One of the biggest changes brought about by the pandemic has been the acceleration of the use of digital technology. The move to remote consultations was swift, and it has been said that what was done in three months in this field would otherwise have taken five years. Although there will always be a need for face-to-face consultations, it is hard to see a return to the “old” ways of working. As a result, what are the requirements for future care facilities? Do GPs still need a certain number of consulting rooms of a certain size, what do outpatients’ clinics really need, do we need more remote diagnostics facilities, etc?
The pandemic also saw the creation of significant new facilities in a very short space of time: the Nightingale hospitals. Whilst these are only temporary facilities, they do give the NHS some headroom to start building back its elective and routine work when we start to emerge from the pandemic. They also show how rapidly the NHS can respond to increase capacity when it needs to. However, do we also need to start thinking about redesigning the delivery of secondary care? We have seen examples of trusts moving cancer and trauma care out to nearby “Covid-free” facilities to allow that care to continue in a safe environment and free up space for critical care. Might a model of similar separation be something that could continue to help long term?
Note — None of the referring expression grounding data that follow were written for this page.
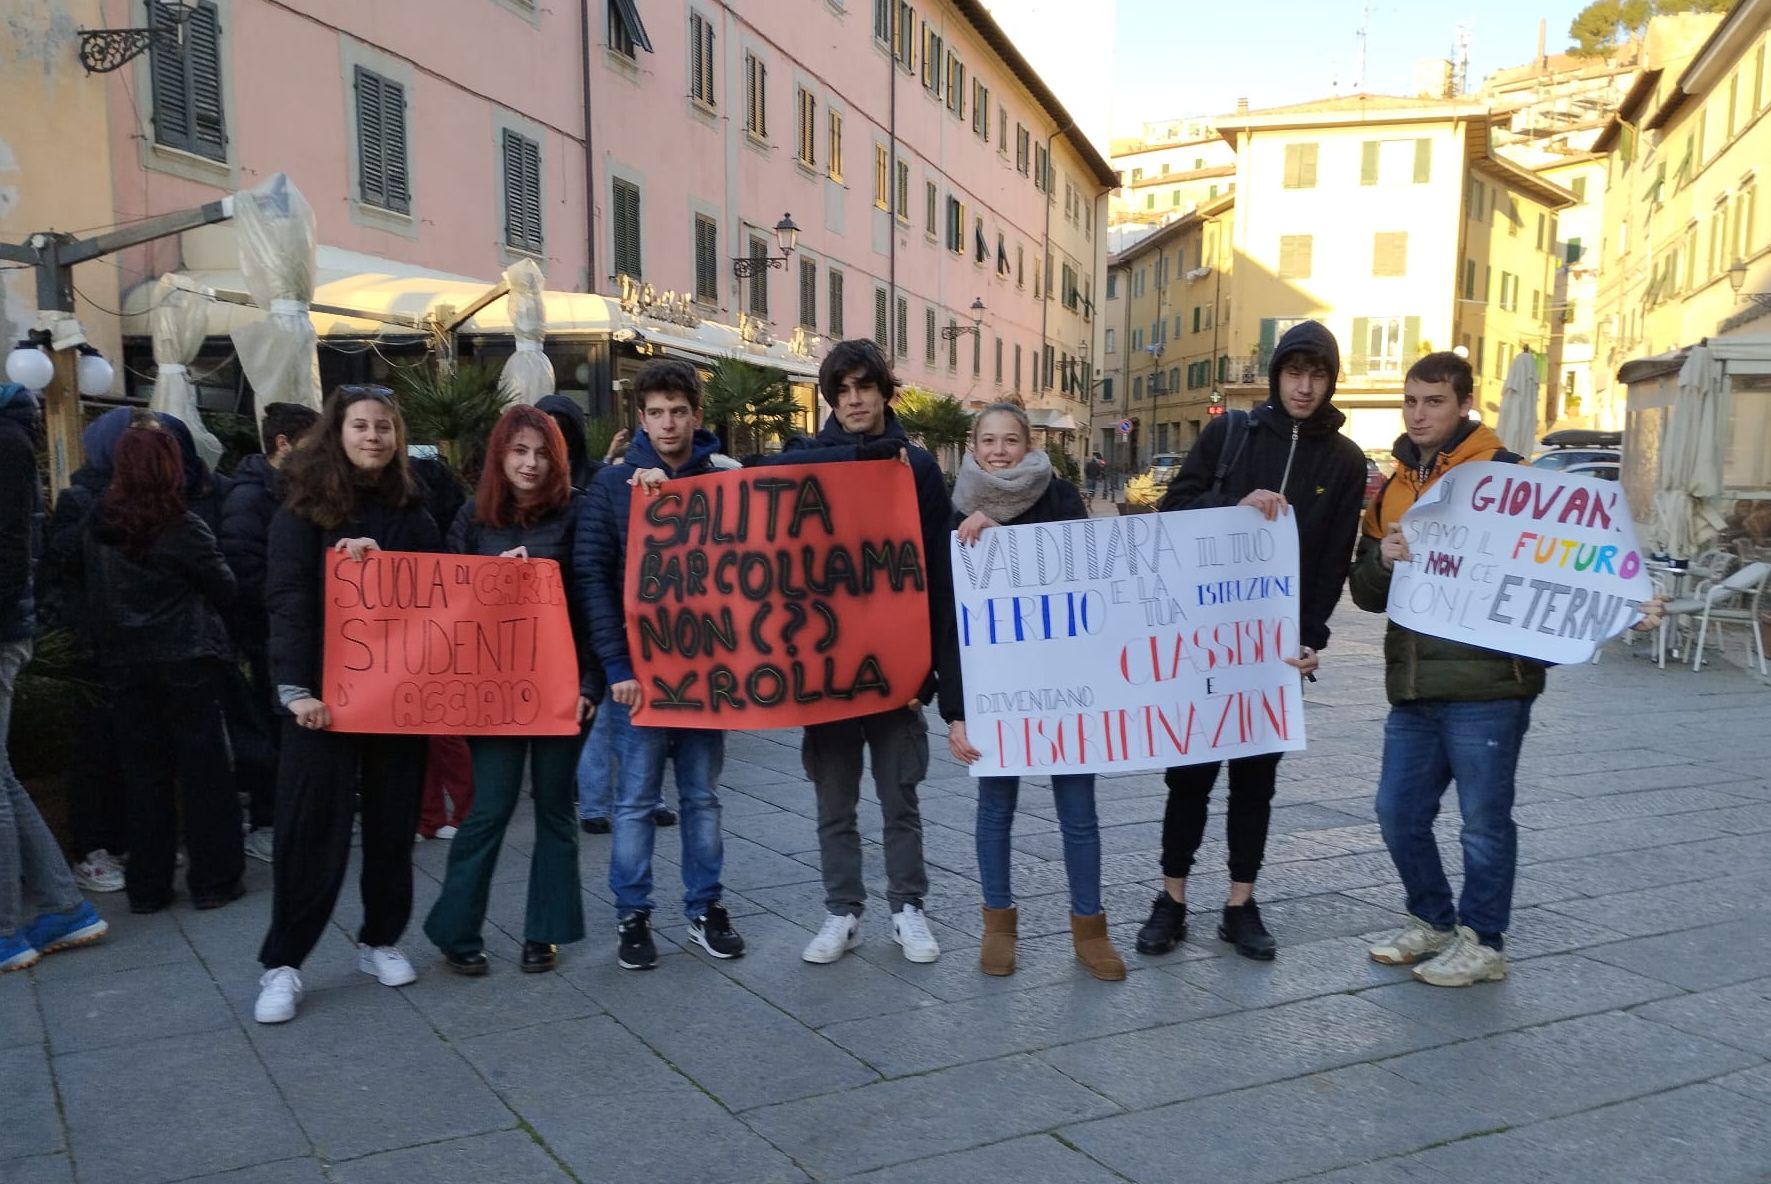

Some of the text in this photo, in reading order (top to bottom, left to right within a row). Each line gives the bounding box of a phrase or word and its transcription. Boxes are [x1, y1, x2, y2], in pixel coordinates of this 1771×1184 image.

[645, 474, 834, 548] SALITA
[637, 538, 925, 601] BARCOLLAMA
[955, 514, 1275, 589] VALDITARA IL TUO
[1407, 519, 1469, 550] SIAMO
[1512, 532, 1641, 580] FUTURO
[1424, 550, 1463, 578] NON
[334, 557, 448, 609] SCUOLA
[456, 565, 470, 585] DI
[961, 574, 1295, 647] MERITO E LA ISTRUZIONE
[1137, 598, 1188, 627] TUA
[341, 617, 538, 675] STUDENTI
[638, 601, 838, 661] NON (?)
[1120, 616, 1299, 686] CLASSISMO
[392, 680, 541, 727] ACCIAIO
[652, 654, 890, 712] KROLLA
[976, 685, 1095, 714] DIVENTANO
[1206, 677, 1217, 694] E
[996, 684, 1293, 768] DISCRIMINAZIONE
We are only just beginning to see some of the long-term implications of the disease but already CCGs are commissioning facilities for the care of those suffering with symptoms of “long-Covid”. This is an early example of novel care facilities that may be required.
As we’ve seen, the pandemic has necessitated major transformation of the NHS estate, and the rapid response to that requirement is a very positive indicator of what is possible for its future development. To capitalise on this for the longer term, the NHS will require a more flexible estate to allow it to respond propitiously to new ways of working. Whilst it is the physical requirements of the estate that will deliver that, it is likely that flexibility in the terms of occupation of NHS properties will also play a significant part.
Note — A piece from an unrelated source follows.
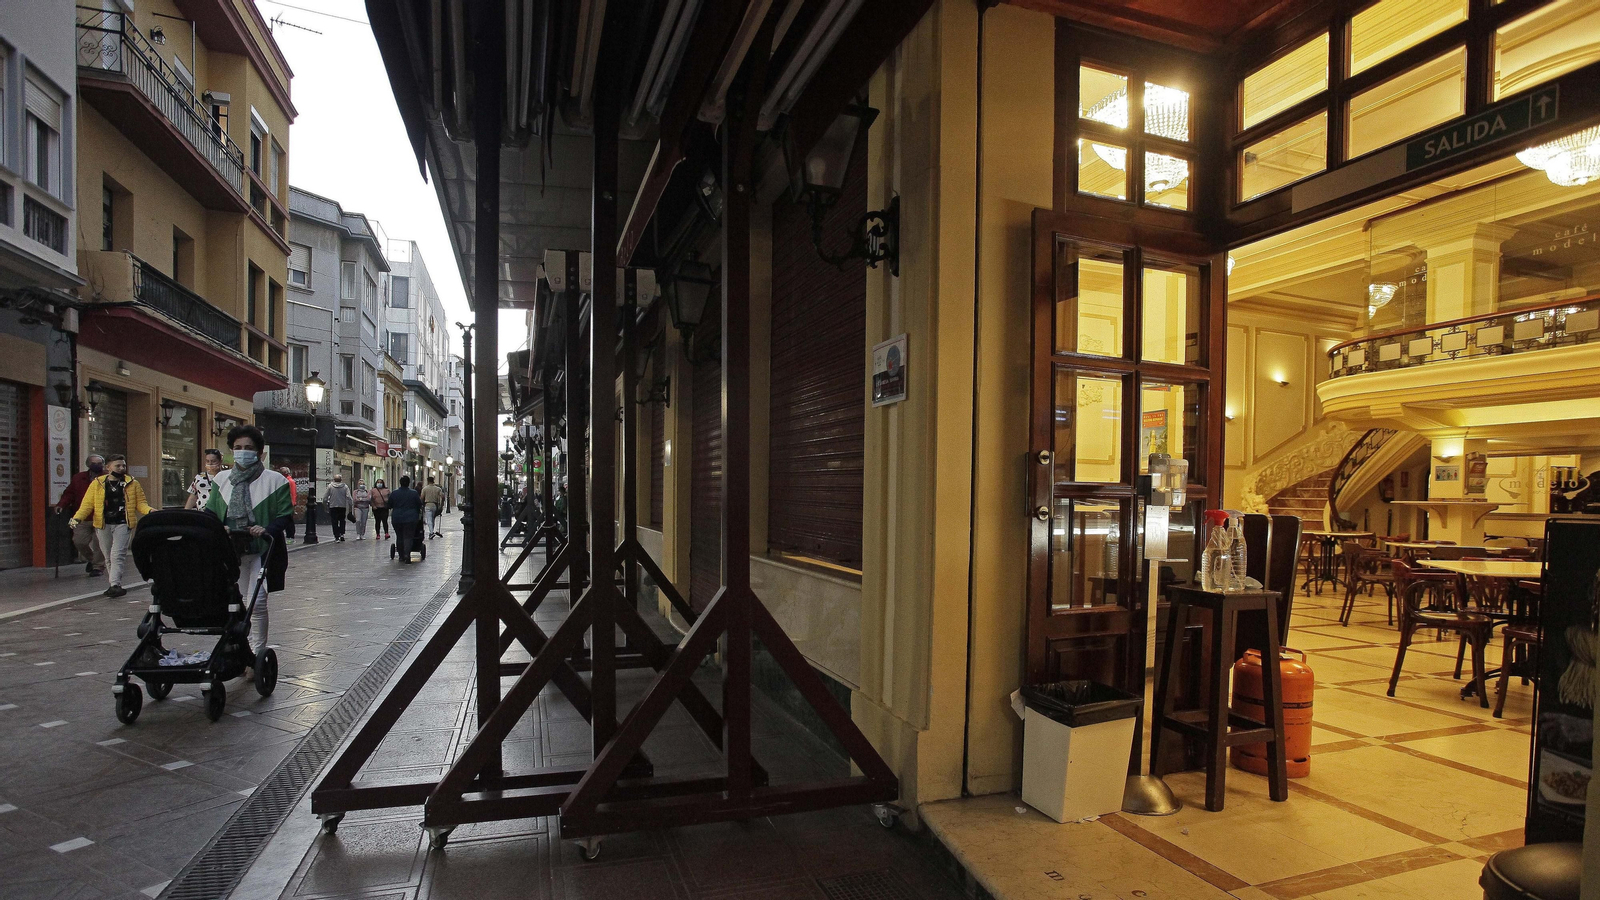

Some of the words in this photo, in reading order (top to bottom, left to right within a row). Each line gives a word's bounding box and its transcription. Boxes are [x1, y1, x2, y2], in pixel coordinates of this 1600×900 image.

[1425, 115, 1507, 159] SALIDA
[1554, 223, 1588, 238] café
[1509, 477, 1579, 489] modelo
Concluding thoughts on the NHS Estate
- Backlog maintenance can’t be ignored if the NHS is to have a safe and efficient estate out of which to deliver its services;
- Space utilisation will be key. How can the NHS effectively reduce its non-clinical space so that it has headroom to deal with future pandemics?;
- Flexibility of use will be required. The NHS needs the ability to quickly repurpose its estate as required to meet new challenges. This requires not only flexibility of space but also of terms of occupation;
- New facilities will need to be reconfigurable to meet changing requirements for delivering services and integration of digital and other technology will need to continue at pace. New facilities will need to be designed with integrated IT front and centre;
- A multi-year strategy for government capital funding will be required to build back new capacity;
- What role do we want the private sector and private finance to play in all this? Private finance in the NHS estate has a chequered history but could it have a role to play in developing non-clinical space, allowing government capital funding to be targeted at critical space?